Aren't all facets of affairs nasty and horrible? Even the after affects on the participants... victims and evil-doers alike? Not much uplifting about affairs to me. Totally my opinion.

As far as attacking, I did no such thing. Where as I am glad that an affair is over(per HTW's story told here) I just can't be happy that any of it happened. Am I wrong to say that the greatest news he can provide is how he has stopped his affair? Or stopped the makings of his potential affair? Which would you rather hear from me? How I stopped 10 affairs of people around me or how I stopped mine.

I made no attack. If you feel I am wrong for speaking up, then I apologize. My opinion, clearly stated as such, is that HTW stopping HIS own affair or potential affair is the single best way HE can change the affair landscape, so to say.

And I have a ton of compassion for betrayed people, but you will get no compassion from me regardless of status here when you are doing something wrong (that this specific forum was designed to support against, in fact) and trying to justify it. When I am wrong, call me on it.

I have no problem calling others on what I see wrong.

If you feel the need to speak up about my personal situation, please do so. I have not hidden it here. Read up and give me a 2X4 if you wish. I have no ill will towards you and HTW. I would only be interested in the end if affairs and the enabling of true recoveries.

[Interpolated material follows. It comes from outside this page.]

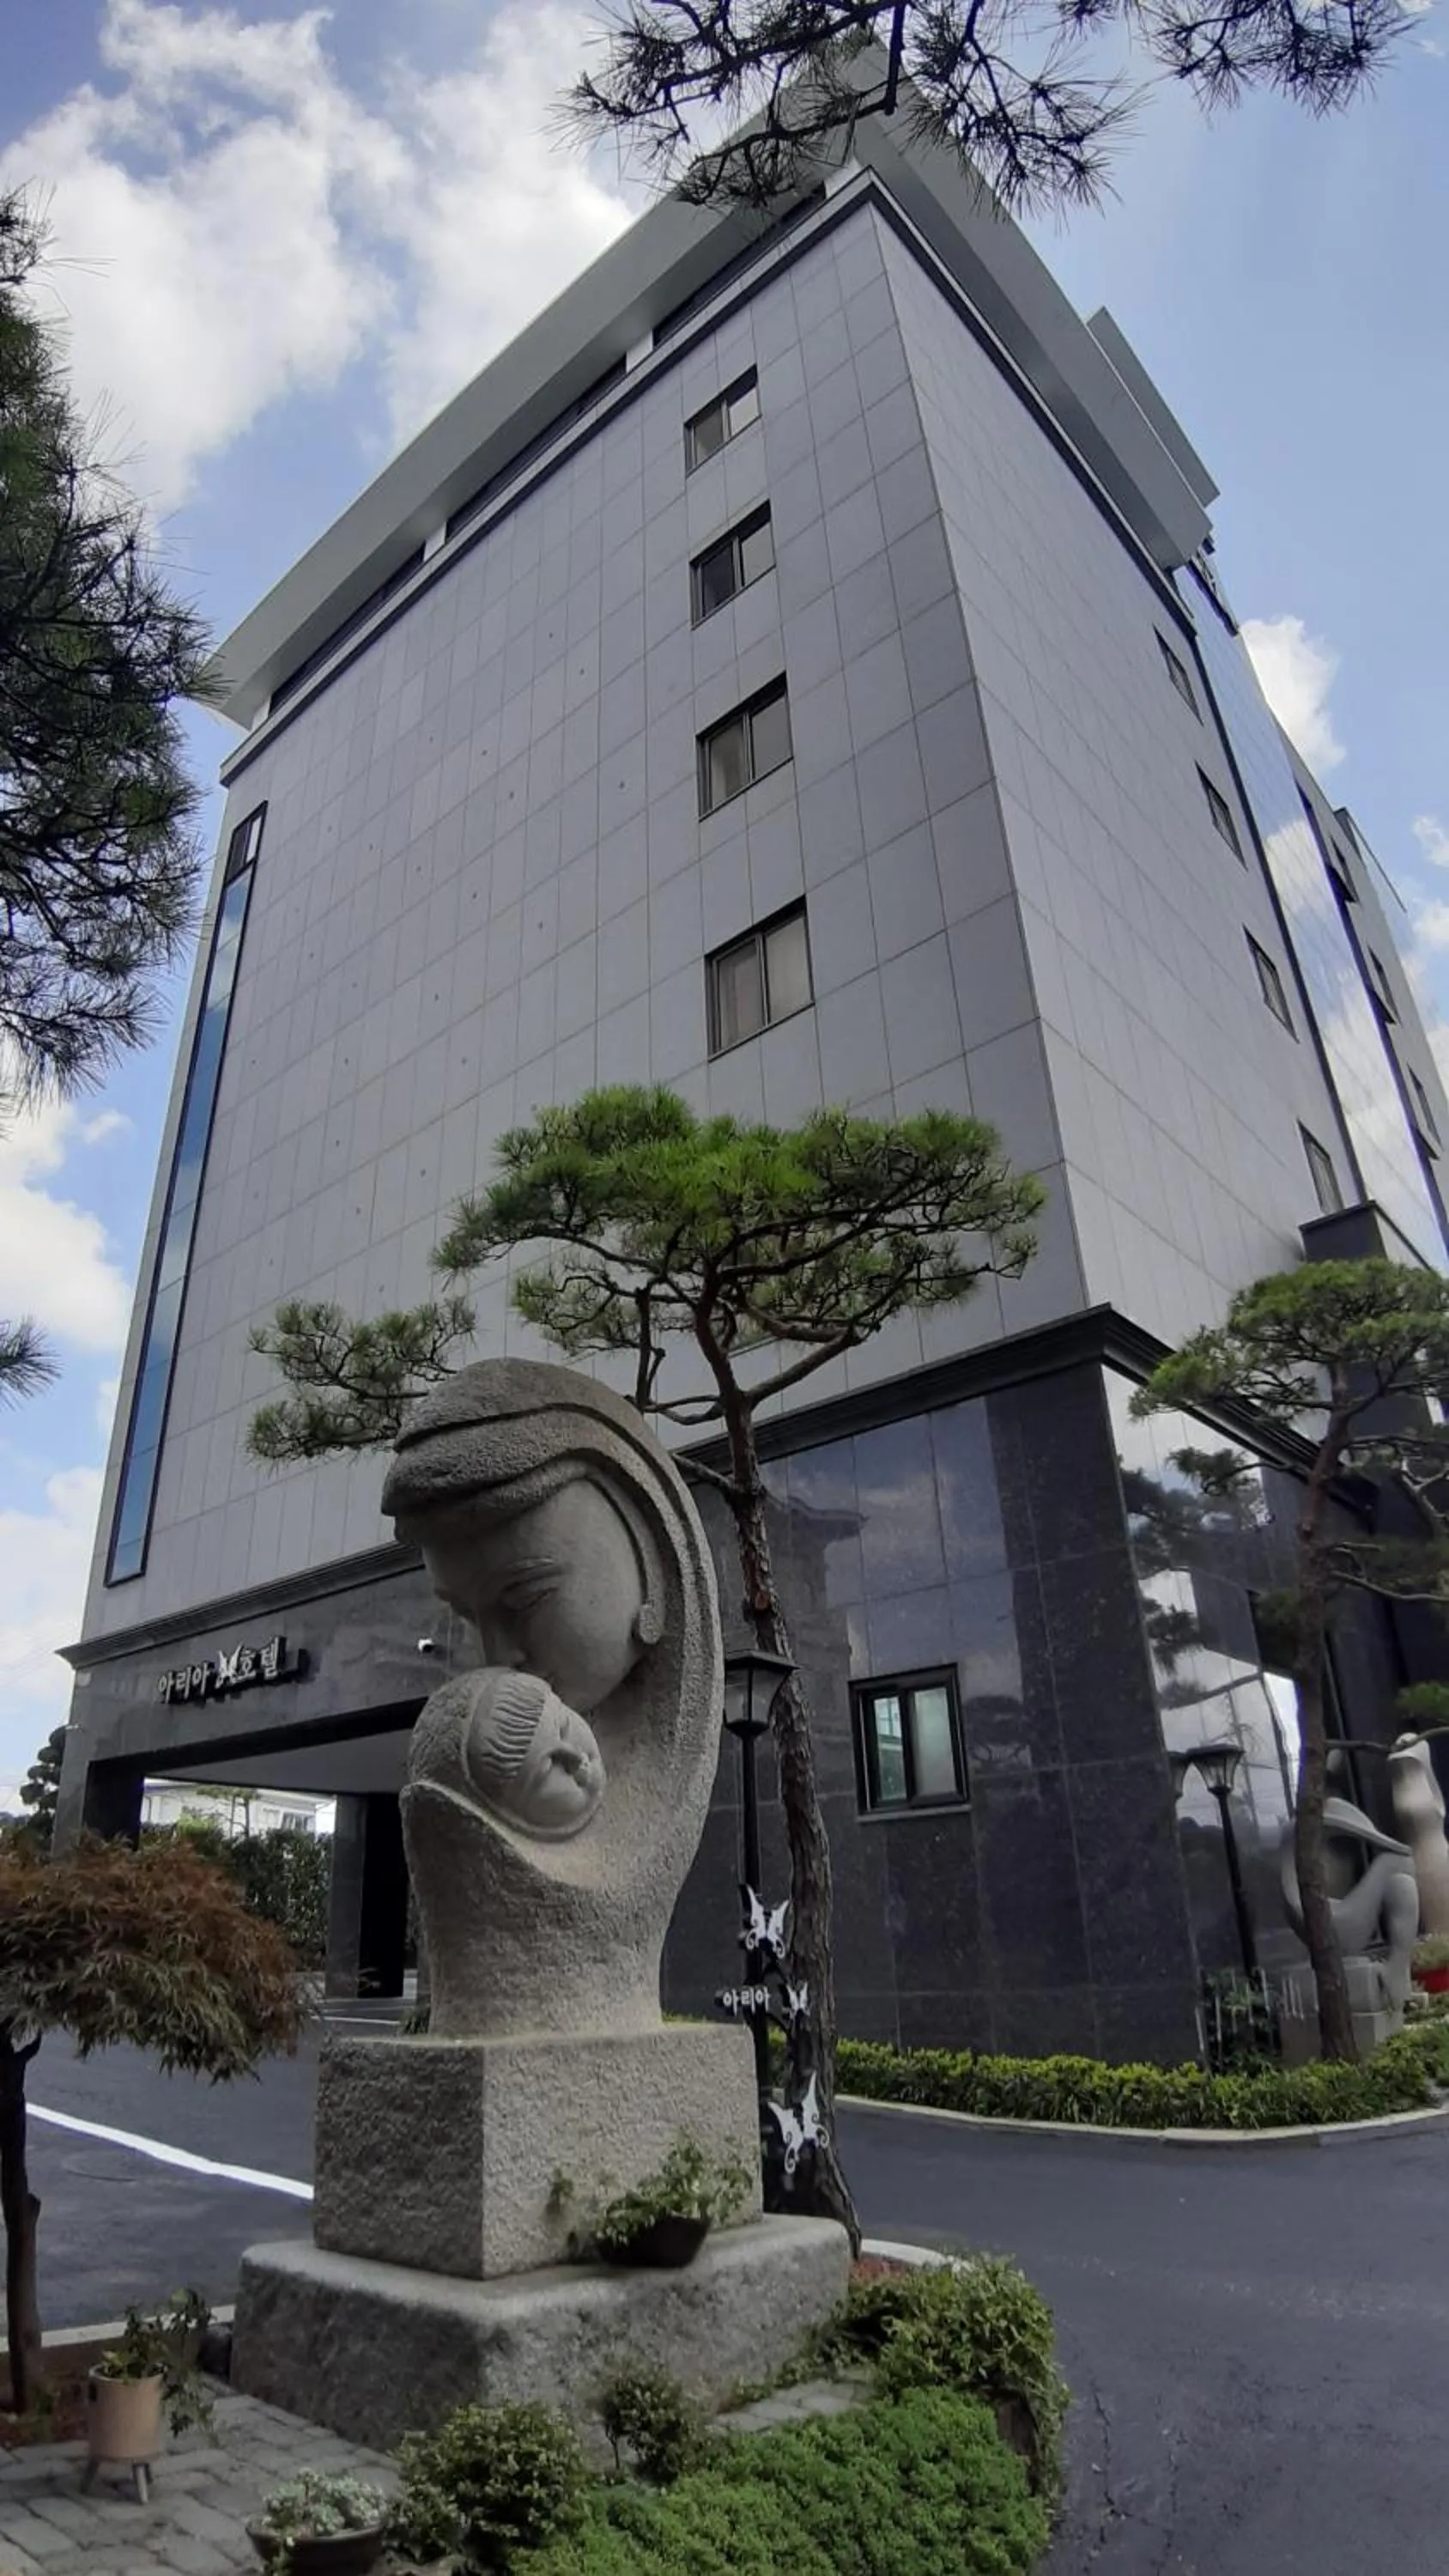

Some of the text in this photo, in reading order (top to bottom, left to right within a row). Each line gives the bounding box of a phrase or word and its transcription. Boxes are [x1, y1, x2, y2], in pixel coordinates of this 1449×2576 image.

Possibly you don't like my delivery? Does that make the fact that HTW needs to end his wrong any less true? I ride no moral high ground here, but I can promise you that I have not spent time on other people's issues when mine needed tending to.

So.. I suppose now the ball is in your court. Let me know what you think and if I need to shut up, then so be it. If I have a valid point, then maybe you can tell me how to communicate it better? I am open to any and all ideas that help myself and possibly others.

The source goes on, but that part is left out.